**Aim of the exercise**
Images are to be excluded, and the rest of the data repeated exactly.

**Recorded information**
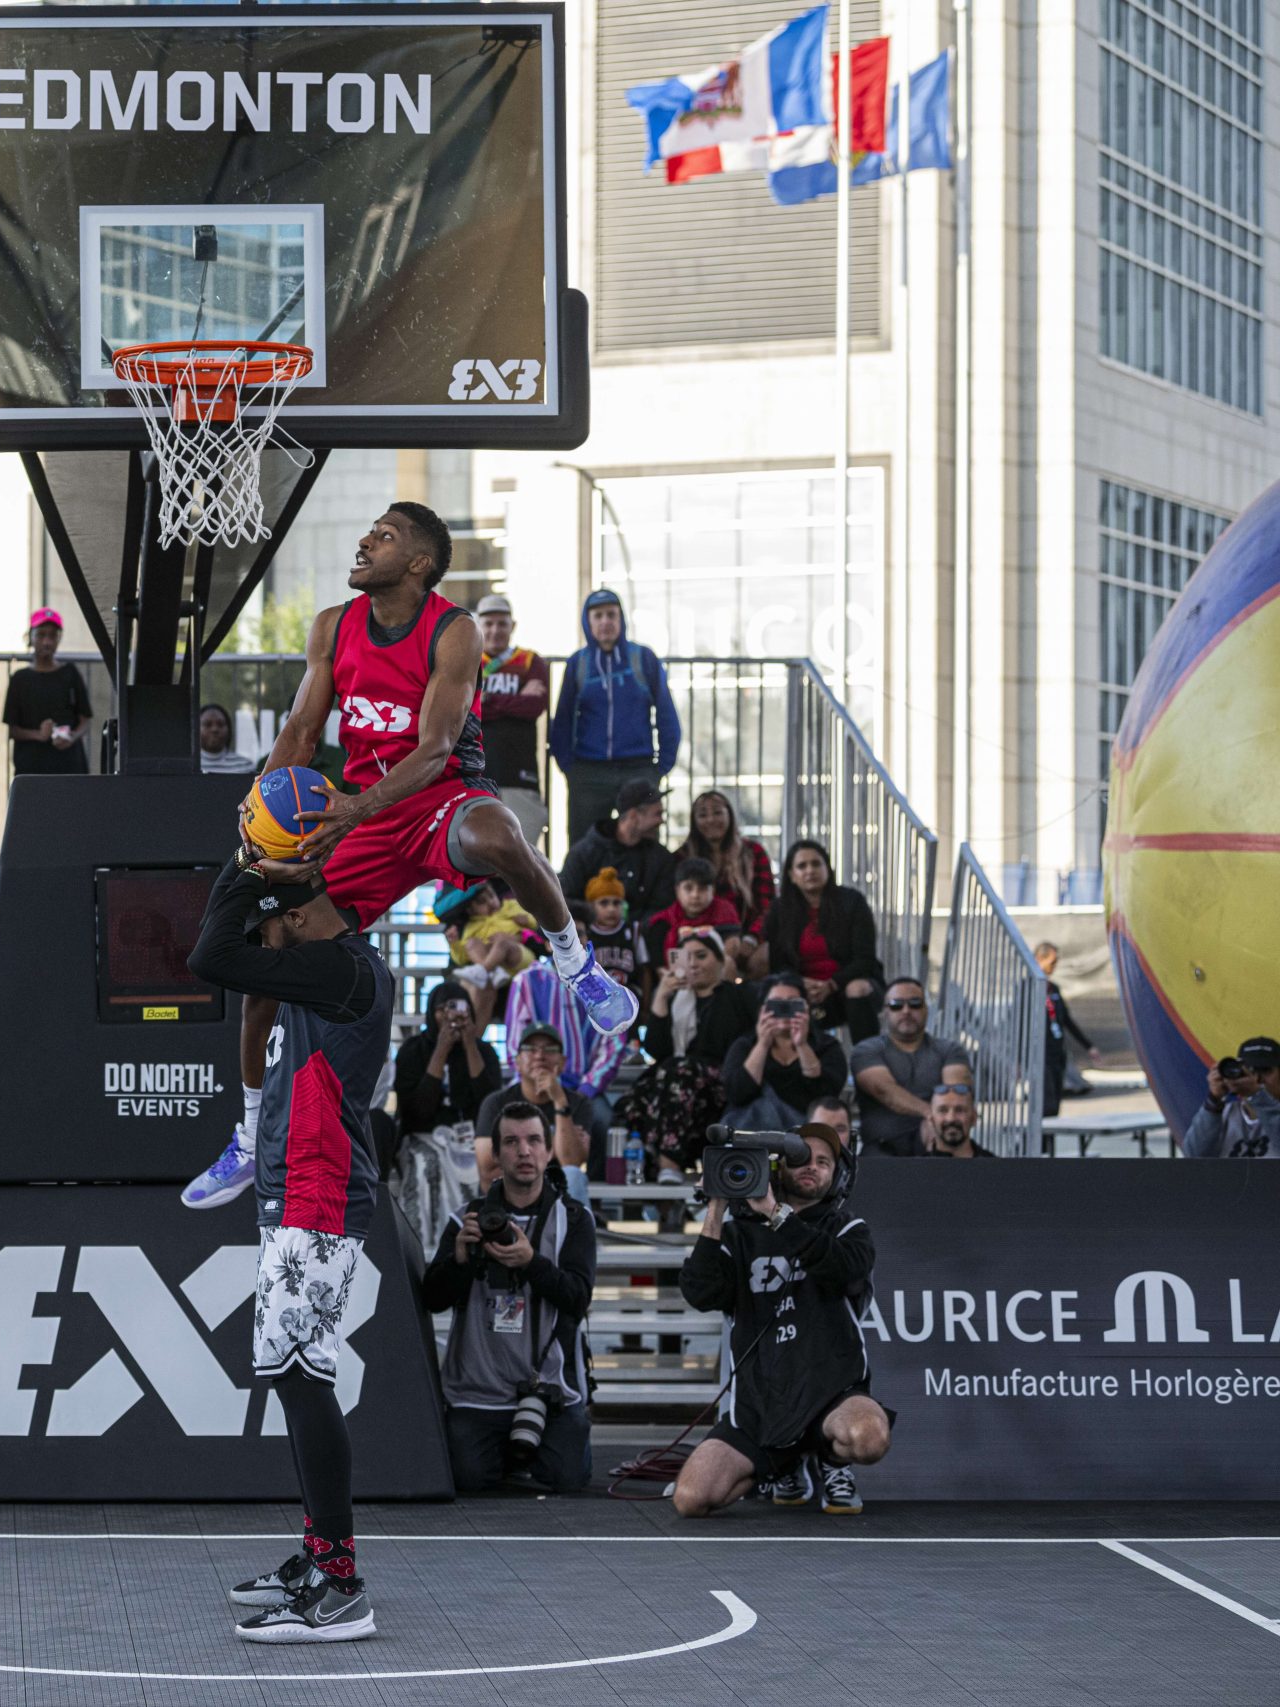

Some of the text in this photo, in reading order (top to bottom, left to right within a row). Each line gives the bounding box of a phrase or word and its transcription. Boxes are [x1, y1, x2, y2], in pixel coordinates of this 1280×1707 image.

[482, 672, 520, 694] TAH
[146, 1009, 176, 1018] Bodet
[104, 1062, 215, 1094] DO NORTH
[117, 1098, 200, 1118] EVENTS
[859, 1290, 1081, 1343] AURICE
[1229, 1278, 1280, 1343] L
[924, 1367, 1280, 1405] Manufacture Horlogère
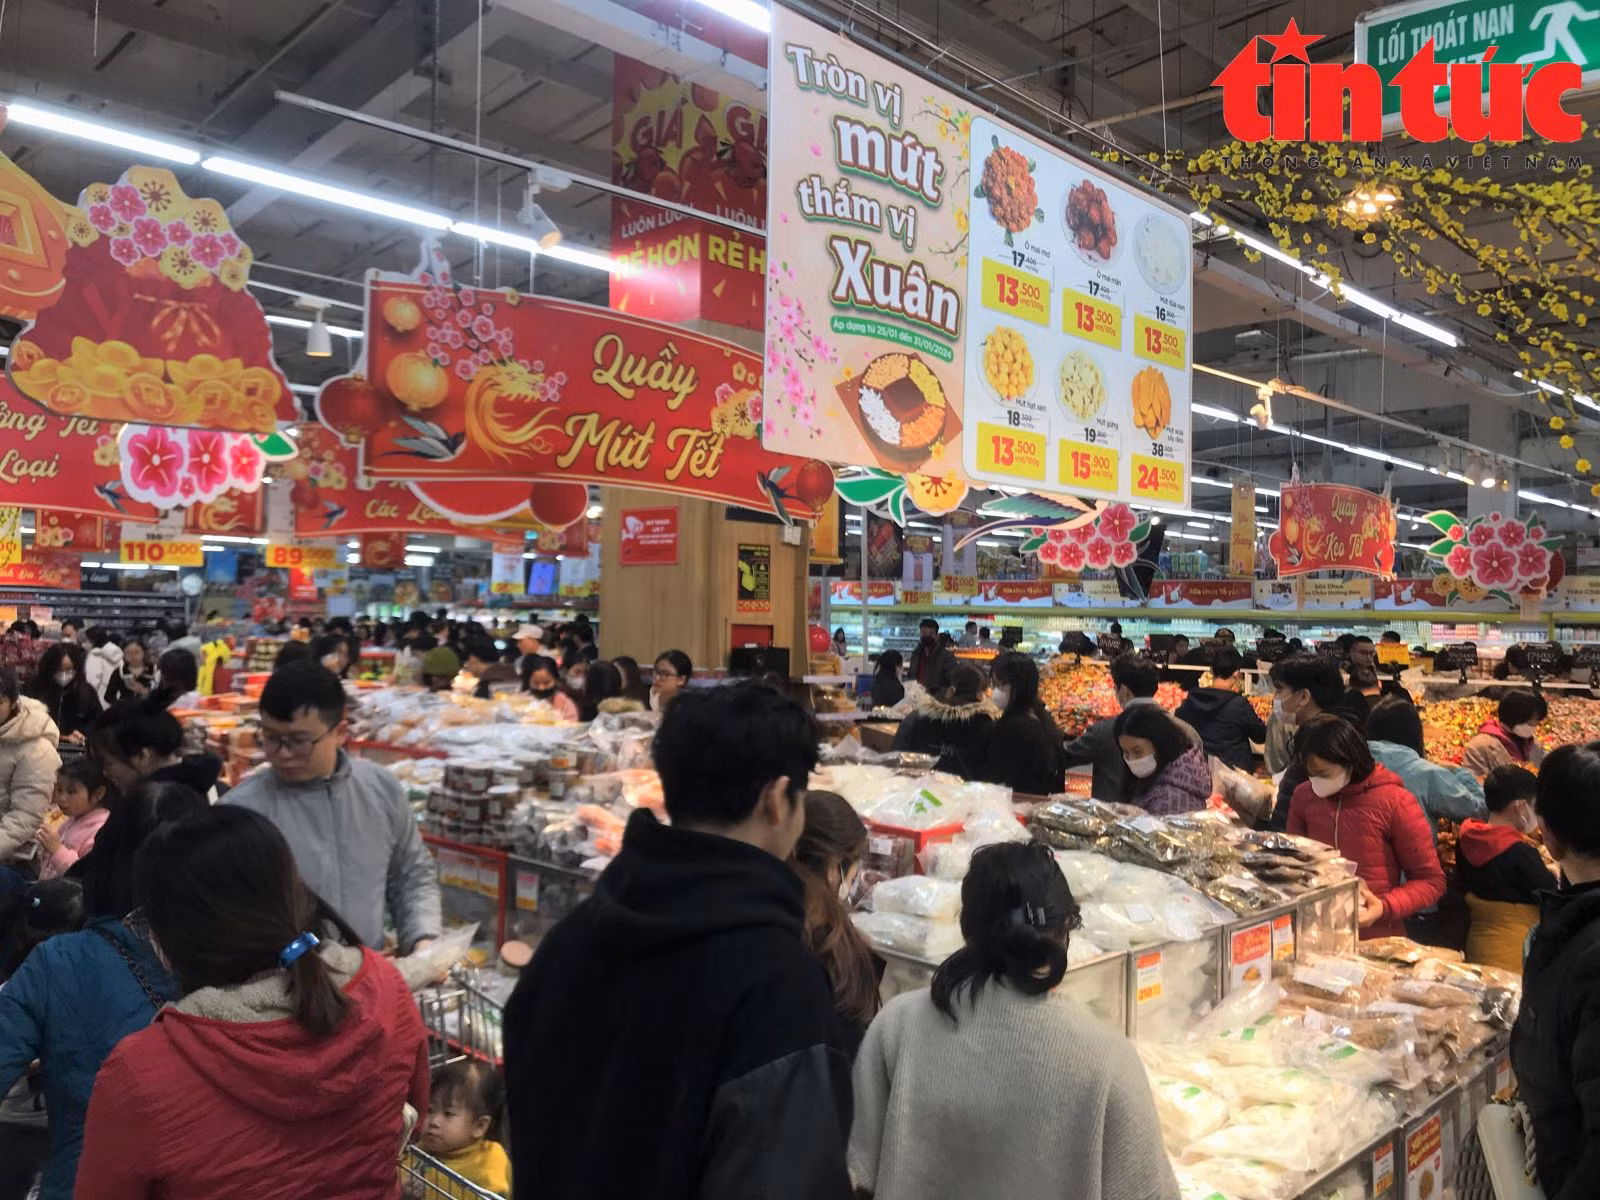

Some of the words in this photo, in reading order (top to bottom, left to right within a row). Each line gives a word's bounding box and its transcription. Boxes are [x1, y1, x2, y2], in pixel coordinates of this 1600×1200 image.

[1379, 22, 1405, 66] LỐI
[1473, 3, 1514, 45] NẠN
[785, 43, 868, 106] Tròn
[873, 80, 902, 129] vị
[631, 97, 688, 150] GIÁ
[724, 103, 767, 150] GI
[833, 115, 944, 204] mứt
[798, 174, 881, 230] thắm
[888, 205, 916, 250] vị
[647, 232, 700, 271] HƠN
[708, 231, 745, 270] RẺ
[829, 235, 960, 338] Xuân
[877, 326, 898, 338] 25/01
[592, 334, 699, 410] Quầy
[556, 411, 656, 473] Mứt
[664, 425, 726, 481] Tết

**Result of this exercise**
Some of the text in this photo, in reading order (top to bottom, left to right within a row). Each line gives the bounding box of a phrase or word and its transcription. Boxes are [x1, y1, x2, y2], in pixel coordinates of this 1280×1707 image.

[482, 672, 520, 694] TAH
[146, 1009, 176, 1018] Bodet
[104, 1062, 215, 1094] DO NORTH
[117, 1098, 200, 1118] EVENTS
[859, 1290, 1081, 1343] AURICE
[1229, 1278, 1280, 1343] L
[924, 1367, 1280, 1405] Manufacture Horlogère

Some of the words in this photo, in reading order (top to bottom, left to right within a row). Each line gives a word's bounding box and its transcription. Boxes are [x1, y1, x2, y2], in pixel coordinates of this 1600×1200 image.

[1379, 22, 1405, 66] LỐI
[1473, 3, 1514, 45] NẠN
[785, 43, 868, 106] Tròn
[873, 80, 902, 129] vị
[631, 97, 688, 150] GIÁ
[724, 103, 767, 150] GI
[833, 115, 944, 204] mứt
[798, 174, 881, 230] thắm
[888, 205, 916, 250] vị
[647, 232, 700, 271] HƠN
[708, 231, 745, 270] RẺ
[829, 235, 960, 338] Xuân
[877, 326, 898, 338] 25/01
[592, 334, 699, 410] Quầy
[556, 411, 656, 473] Mứt
[664, 425, 726, 481] Tết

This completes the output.